======== Listed entries

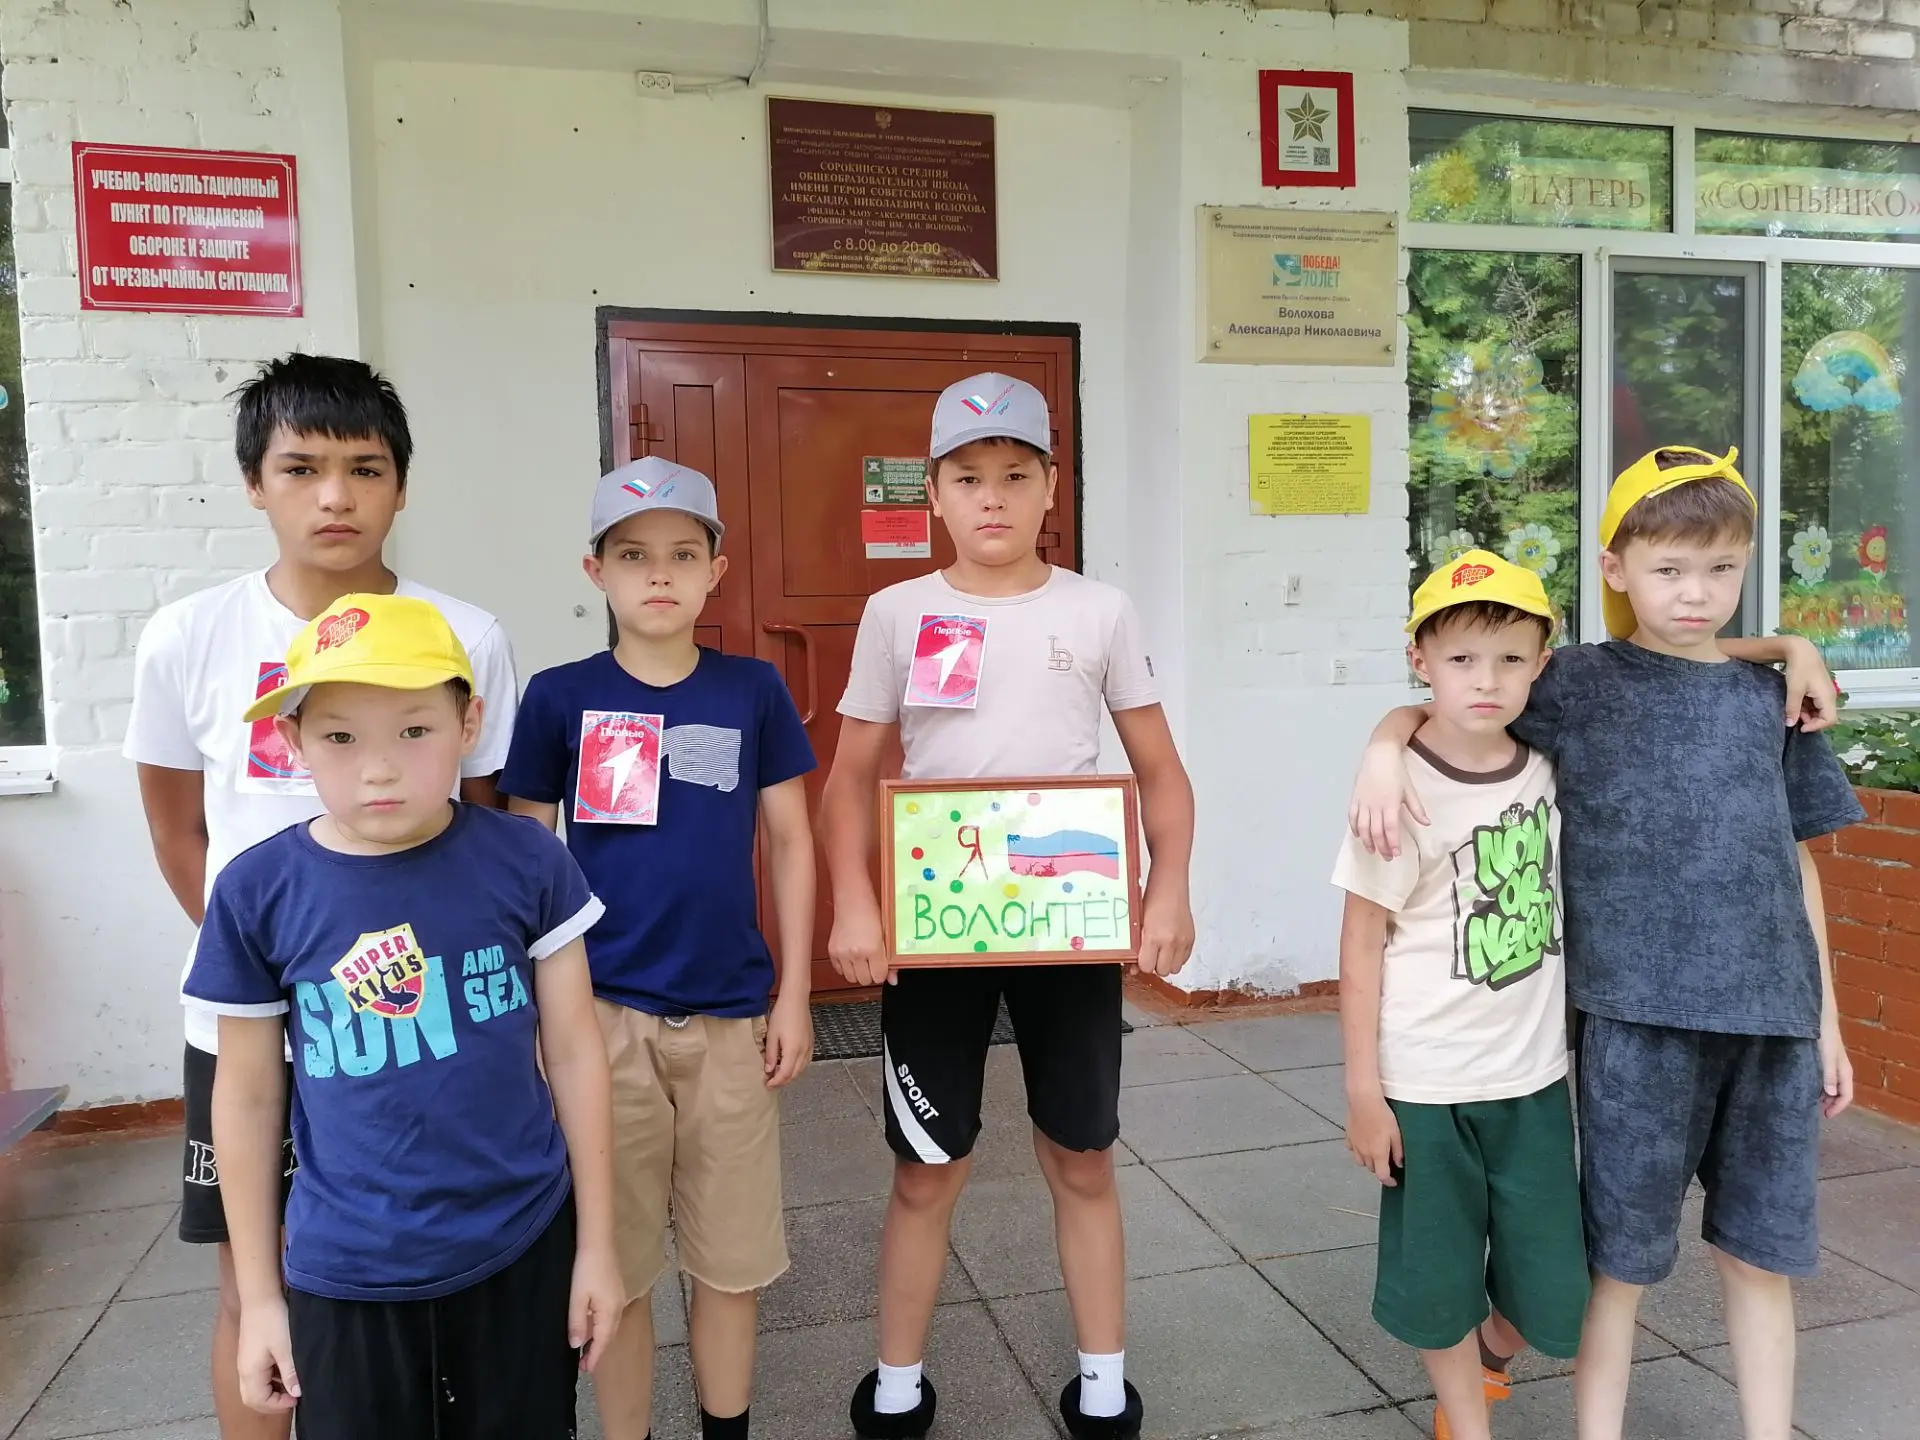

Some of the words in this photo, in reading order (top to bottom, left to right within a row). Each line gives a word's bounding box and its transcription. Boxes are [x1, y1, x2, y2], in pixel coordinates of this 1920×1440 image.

[91, 169, 279, 199] УЧЕБНО-КОНСУЛЬТАЦИОННЫЙ
[799, 171, 928, 188] ОБЩЕОБРАЗОВАТЕЛЬНАЯ
[932, 179, 969, 191] ШКОЛА
[820, 161, 898, 176] СОРОКИНСКАЯ
[902, 167, 949, 179] СРЕДНЯЯ
[782, 193, 849, 206] АЛЕКСАНДРА
[854, 197, 930, 210] НИКОЛАЕВИЧА
[934, 202, 987, 214] ВОЛОХОВА
[790, 182, 829, 193] ИМЕНИ
[833, 184, 866, 195] ГЕРОЯ
[870, 187, 938, 199] СОВЕТСКОГО
[942, 191, 978, 203] СОЮЗА
[1516, 173, 1646, 210] ЛАГЕРЬ
[1700, 180, 1920, 217] «СОЛНЫШКО»
[111, 202, 151, 224] ПУНКТ
[153, 204, 170, 225] ПО
[172, 206, 264, 230] ГРАЖДАНСКОЙ
[129, 235, 187, 257] ОБОРОНЕ
[189, 238, 197, 257] И
[199, 238, 250, 262] ЗАЩИТЕ
[833, 240, 842, 250] с
[845, 237, 876, 252] 8.00
[880, 242, 898, 255] до
[1302, 254, 1341, 269] ПОБЕДА!
[92, 266, 109, 287] ОТ
[110, 266, 217, 290] ЧРЕЗВЫЧАЙНЫХ
[218, 271, 288, 294] СИТУАЦИЯХ
[1302, 270, 1317, 287] 70
[1318, 270, 1341, 288] ЛЕТ
[1278, 306, 1335, 320] Волохова
[1228, 322, 1301, 338] Александра
[1304, 324, 1382, 339] Николаевича
[933, 625, 972, 636] Первые
[600, 727, 645, 739] Первые
[957, 825, 989, 881] Я
[914, 891, 1129, 940] ВОЛОНТЁР
[341, 935, 409, 984] SUPER
[462, 945, 505, 977] AND
[349, 953, 423, 1009] KIDS
[463, 965, 528, 1023] SEA
[295, 955, 458, 1079] SUN
[897, 1063, 940, 1121] SPORT
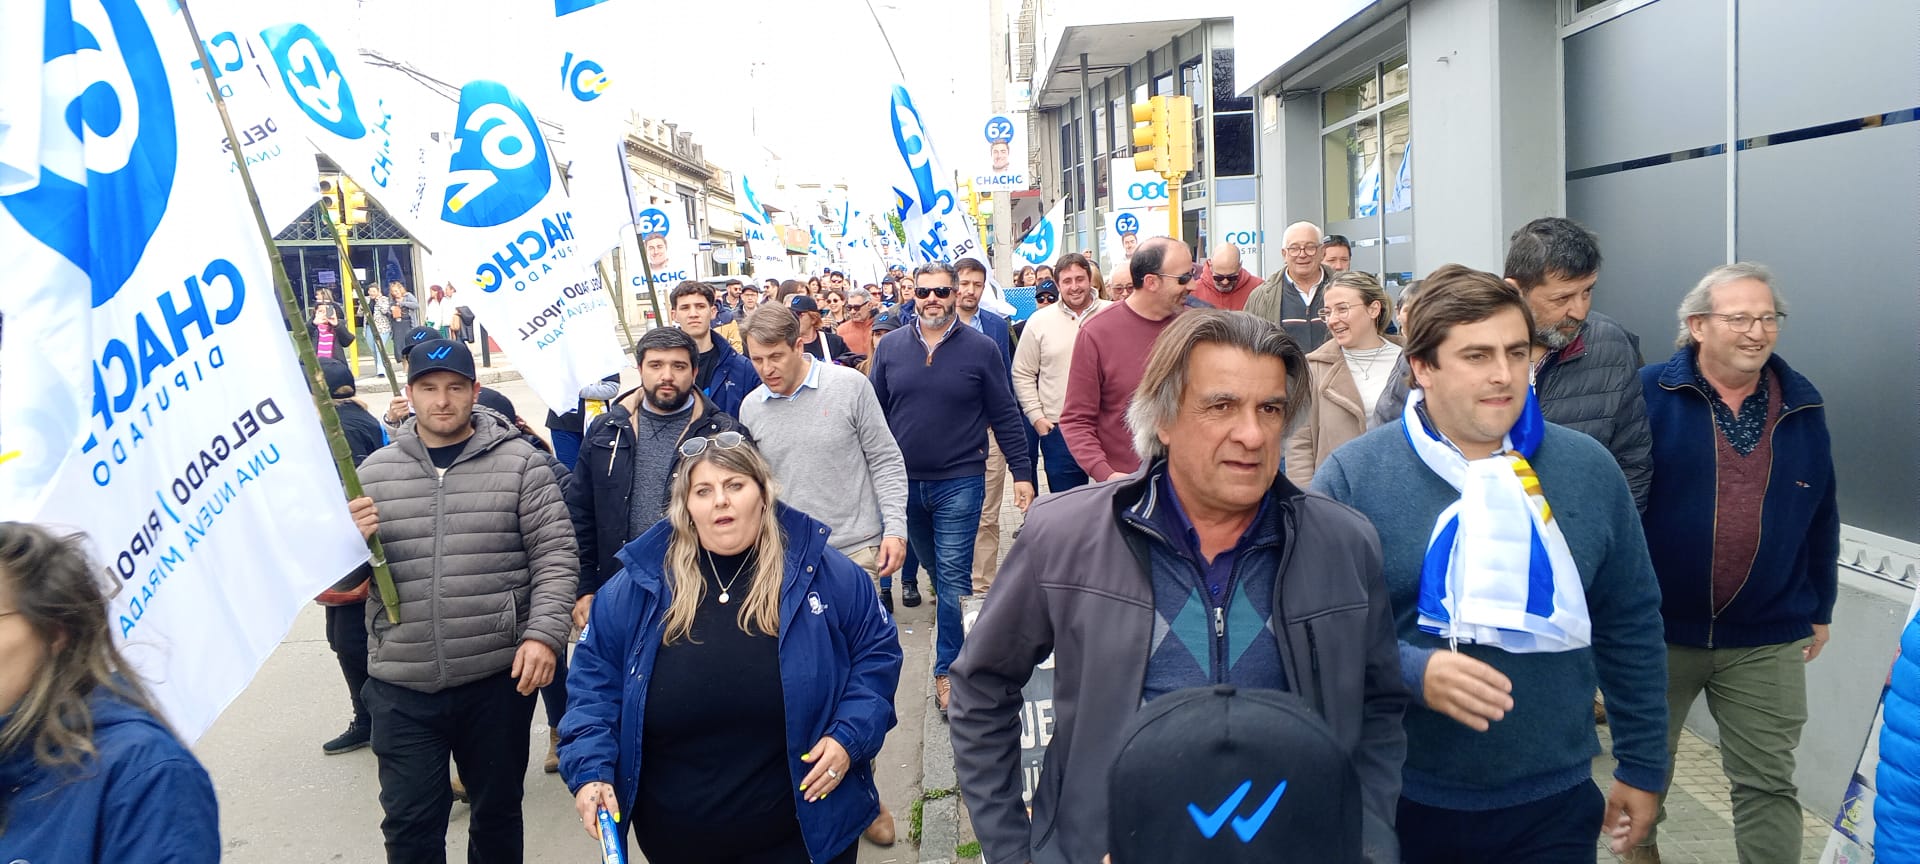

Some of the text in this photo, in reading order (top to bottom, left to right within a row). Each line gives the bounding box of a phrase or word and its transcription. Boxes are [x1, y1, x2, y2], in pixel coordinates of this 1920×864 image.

================

**Problem requirements**.
The whole listing above must be set down again exactly, but without its images.

**Solved problem**.
Some of the words in this photo, in reading order (top to bottom, left to right within a row). Each line gives a word's bounding box and its transcription. Boxes are [x1, y1, x2, y2], in pixel coordinates of this 1920×1440 image.

[91, 169, 279, 199] УЧЕБНО-КОНСУЛЬТАЦИОННЫЙ
[799, 171, 928, 188] ОБЩЕОБРАЗОВАТЕЛЬНАЯ
[932, 179, 969, 191] ШКОЛА
[820, 161, 898, 176] СОРОКИНСКАЯ
[902, 167, 949, 179] СРЕДНЯЯ
[782, 193, 849, 206] АЛЕКСАНДРА
[854, 197, 930, 210] НИКОЛАЕВИЧА
[934, 202, 987, 214] ВОЛОХОВА
[790, 182, 829, 193] ИМЕНИ
[833, 184, 866, 195] ГЕРОЯ
[870, 187, 938, 199] СОВЕТСКОГО
[942, 191, 978, 203] СОЮЗА
[1516, 173, 1646, 210] ЛАГЕРЬ
[1700, 180, 1920, 217] «СОЛНЫШКО»
[111, 202, 151, 224] ПУНКТ
[153, 204, 170, 225] ПО
[172, 206, 264, 230] ГРАЖДАНСКОЙ
[129, 235, 187, 257] ОБОРОНЕ
[189, 238, 197, 257] И
[199, 238, 250, 262] ЗАЩИТЕ
[833, 240, 842, 250] с
[845, 237, 876, 252] 8.00
[880, 242, 898, 255] до
[1302, 254, 1341, 269] ПОБЕДА!
[92, 266, 109, 287] ОТ
[110, 266, 217, 290] ЧРЕЗВЫЧАЙНЫХ
[218, 271, 288, 294] СИТУАЦИЯХ
[1302, 270, 1317, 287] 70
[1318, 270, 1341, 288] ЛЕТ
[1278, 306, 1335, 320] Волохова
[1228, 322, 1301, 338] Александра
[1304, 324, 1382, 339] Николаевича
[933, 625, 972, 636] Первые
[600, 727, 645, 739] Первые
[957, 825, 989, 881] Я
[914, 891, 1129, 940] ВОЛОНТЁР
[341, 935, 409, 984] SUPER
[462, 945, 505, 977] AND
[349, 953, 423, 1009] KIDS
[463, 965, 528, 1023] SEA
[295, 955, 458, 1079] SUN
[897, 1063, 940, 1121] SPORT

Some of the text in this photo, in reading order (top to bottom, left to right within a row). Each line gives the bounding box of a phrase or word and its transcription. Boxes are [x1, y1, x2, y2], in pixel coordinates of this 1920×864 image.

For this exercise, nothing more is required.